Initially, don’t turn this exercise into a eulogy. Don’t write a tome–At least not yet. Simply look, “SEE,” and record.
Later, you can go back and expound upon your observations from each day, but first and foremost–simply capture your observations in a few, simple words. You don’t need to be an aspiring writer to do that. Again, everyone can benefit from this type of journaling.
How to Journal Step 3: Don’t Preach. There Doesn’t Need to Be A Moral of the Story
This morning, as soon as I opened the door, I heard the sleet plinking on the ground.
I could have launched into an epistle about the dangers of ice–especially for older people–and especially for drivers. That is not what you should do for this challenge.
I could have brushed the entire thing away with a cute, quick quip–such as
“Snow that you hear – Always fear.”
That’s original writing, and anyone who has survived an ice storm or two will understand those words. A soft, silent snow is not icy as it falls, but when I hear a wintry mix, my first thought is: “Beware. Don’t Fall!
But preaching about the dangers of icy weather and/or dismissing your feelings with a cute saying is not writing in the moment. Those approaches say something about your subject, but they do not capture the sensation of what it is–without my moralizing about it.
Again, my journal entry about the wintry mix is as follows:
“Little shards of sleet fell upon the frozen ground. A mockingbird greeted me at my back door. Chittering chinks of ice filled the sky.” Jacki Kellum Journal Entry January 15, 2024
Bonuses of Journaling for Aspiring Writers
Writing Concise, Honest Evaluations in the Moment Will Improve Your Writing Ability.
Show Don’t Tell
Have you heard this bit of writing advice: “Show Don’t Tell.” Daily honest observations of our worlds can help us grasp the difference between showing and telling
Don’t Be Suprised if Your Daily Notes Allude to More Than What They Suggest
Journal Entry for January 16, 2024
The sun is peeking from behind the clouds, casting shadows across the icy snow. The light behind–shadows ahead. My world has been paralyzed by ice and cold.
As I wrote the previous words, I was dealing with the pain of having recently lost my mother and of having been forced to postpone her funeral service.
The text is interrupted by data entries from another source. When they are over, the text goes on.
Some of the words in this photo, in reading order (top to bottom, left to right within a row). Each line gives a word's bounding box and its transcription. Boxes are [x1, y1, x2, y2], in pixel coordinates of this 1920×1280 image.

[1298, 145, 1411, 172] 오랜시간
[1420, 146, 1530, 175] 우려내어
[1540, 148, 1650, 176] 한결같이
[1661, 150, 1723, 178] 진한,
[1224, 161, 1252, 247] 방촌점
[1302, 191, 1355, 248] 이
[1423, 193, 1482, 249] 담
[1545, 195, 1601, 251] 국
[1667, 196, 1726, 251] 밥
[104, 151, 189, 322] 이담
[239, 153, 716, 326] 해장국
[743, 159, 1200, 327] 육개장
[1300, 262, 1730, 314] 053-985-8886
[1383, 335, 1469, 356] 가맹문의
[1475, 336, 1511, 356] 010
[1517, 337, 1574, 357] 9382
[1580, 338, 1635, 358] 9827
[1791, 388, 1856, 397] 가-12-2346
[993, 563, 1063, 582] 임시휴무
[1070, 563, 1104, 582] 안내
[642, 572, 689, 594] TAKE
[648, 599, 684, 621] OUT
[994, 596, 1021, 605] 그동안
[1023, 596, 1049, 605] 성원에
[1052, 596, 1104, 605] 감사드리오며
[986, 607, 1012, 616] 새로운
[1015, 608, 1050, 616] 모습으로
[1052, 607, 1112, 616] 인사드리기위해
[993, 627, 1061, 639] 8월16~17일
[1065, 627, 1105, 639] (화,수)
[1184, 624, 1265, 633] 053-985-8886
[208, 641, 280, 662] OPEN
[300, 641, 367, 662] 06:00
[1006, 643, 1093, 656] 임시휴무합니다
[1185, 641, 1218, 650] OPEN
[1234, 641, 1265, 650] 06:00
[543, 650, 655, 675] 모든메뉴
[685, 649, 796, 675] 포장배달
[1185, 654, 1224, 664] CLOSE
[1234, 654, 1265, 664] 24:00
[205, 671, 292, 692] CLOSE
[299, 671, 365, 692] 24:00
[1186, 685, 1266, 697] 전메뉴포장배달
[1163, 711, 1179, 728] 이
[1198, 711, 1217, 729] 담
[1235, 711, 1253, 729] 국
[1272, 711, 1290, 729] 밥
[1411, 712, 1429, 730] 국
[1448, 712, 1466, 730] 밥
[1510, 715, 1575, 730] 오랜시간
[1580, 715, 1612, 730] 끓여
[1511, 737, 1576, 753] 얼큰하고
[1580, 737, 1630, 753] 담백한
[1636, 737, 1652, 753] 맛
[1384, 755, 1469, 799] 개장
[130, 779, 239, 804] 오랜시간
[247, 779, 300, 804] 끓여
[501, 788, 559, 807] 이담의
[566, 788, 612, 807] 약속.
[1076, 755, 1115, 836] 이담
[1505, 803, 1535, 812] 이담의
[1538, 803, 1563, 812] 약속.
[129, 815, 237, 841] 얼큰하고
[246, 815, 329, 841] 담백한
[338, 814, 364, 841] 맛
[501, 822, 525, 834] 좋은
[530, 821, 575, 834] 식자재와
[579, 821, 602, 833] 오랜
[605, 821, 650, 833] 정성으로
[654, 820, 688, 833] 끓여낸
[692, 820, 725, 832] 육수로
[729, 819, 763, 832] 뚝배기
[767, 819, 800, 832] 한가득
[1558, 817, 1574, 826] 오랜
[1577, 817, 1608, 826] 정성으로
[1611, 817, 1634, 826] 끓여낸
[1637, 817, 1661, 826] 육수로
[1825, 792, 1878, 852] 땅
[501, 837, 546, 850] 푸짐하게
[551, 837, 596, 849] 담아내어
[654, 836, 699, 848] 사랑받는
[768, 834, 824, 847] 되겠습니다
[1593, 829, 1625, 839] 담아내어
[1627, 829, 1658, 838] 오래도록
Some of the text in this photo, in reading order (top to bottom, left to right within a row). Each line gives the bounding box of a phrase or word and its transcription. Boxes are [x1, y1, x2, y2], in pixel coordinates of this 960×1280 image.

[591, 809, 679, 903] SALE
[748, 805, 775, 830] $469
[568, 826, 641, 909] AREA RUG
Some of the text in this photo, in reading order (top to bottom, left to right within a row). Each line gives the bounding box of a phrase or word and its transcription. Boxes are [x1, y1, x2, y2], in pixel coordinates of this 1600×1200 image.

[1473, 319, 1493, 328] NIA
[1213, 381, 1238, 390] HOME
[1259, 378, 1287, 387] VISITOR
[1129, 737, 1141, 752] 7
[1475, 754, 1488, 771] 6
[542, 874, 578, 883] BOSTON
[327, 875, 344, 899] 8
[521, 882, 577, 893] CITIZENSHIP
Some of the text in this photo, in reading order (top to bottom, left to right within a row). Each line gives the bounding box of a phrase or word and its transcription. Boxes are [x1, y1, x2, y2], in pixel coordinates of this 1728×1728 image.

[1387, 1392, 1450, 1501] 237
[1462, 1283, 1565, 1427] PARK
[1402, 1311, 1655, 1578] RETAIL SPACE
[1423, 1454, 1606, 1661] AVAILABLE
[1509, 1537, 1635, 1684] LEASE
Certainly, an open wound will be left gaping for more days or weeks, but today, I was hurt by the fact that someone in my hometown attacked me because of my having postponed the service. I often write about how the themes of darkness versus light are played in literature. Today, as I looked out across the snow, I saw both happening at once. Nature was echoing how I felt inside. It often does.
Create a Bank of Honest Observations to Serve as Settings in Future Pieces
When you are writing something else and need some good descriptions, go to your bank and withdraw something that you wrote from actual observation. This is a better approach than simply piling on a bit of mushy word salad that sort of describes what you are trying to say.
Yesterday, after I wrote the words about the crow’s calling, I thought to myself: “Wow! Add about 500 more words, and you’ll have a murder mystery.”
“It was quiet outside, and I could hear a crow cawing from somewhere in the distance. Like the cry of a wounded soldier, his voice pealed across the winter sky.” Jacki Kellum Journal Entry January 14, 2024
To work, settings need to be accurate. They don’t need a bunch of useless fluff. They do need to create a mood, and the words about the crow’s call create a mood.
My journal entry for January 15 sets a different mood, but again, it creates a setting for an entirely different piece:
Little shards of sleet fell upon the frozen ground. A mockingbird greeted me at my back door. Chittering chinks of ice filled the sky. – Jacki Kellum Journal Entry January 15, 2024
“Chittering chinks of ice” — I can taste, hear, and feel that description.
Keeping a garden and/or a nature journal is important for everyone, but for those of us who do other, more serious writing, it is a way to sharpen our writing skills.
Too much eulogizing, and we quickly get mired in a snare of our own words. For this project, Go outside each day, Look carefully until you See. Listen. Smell. And write a few words. That’s all. But the exercise depends on truly “seeing” what is around.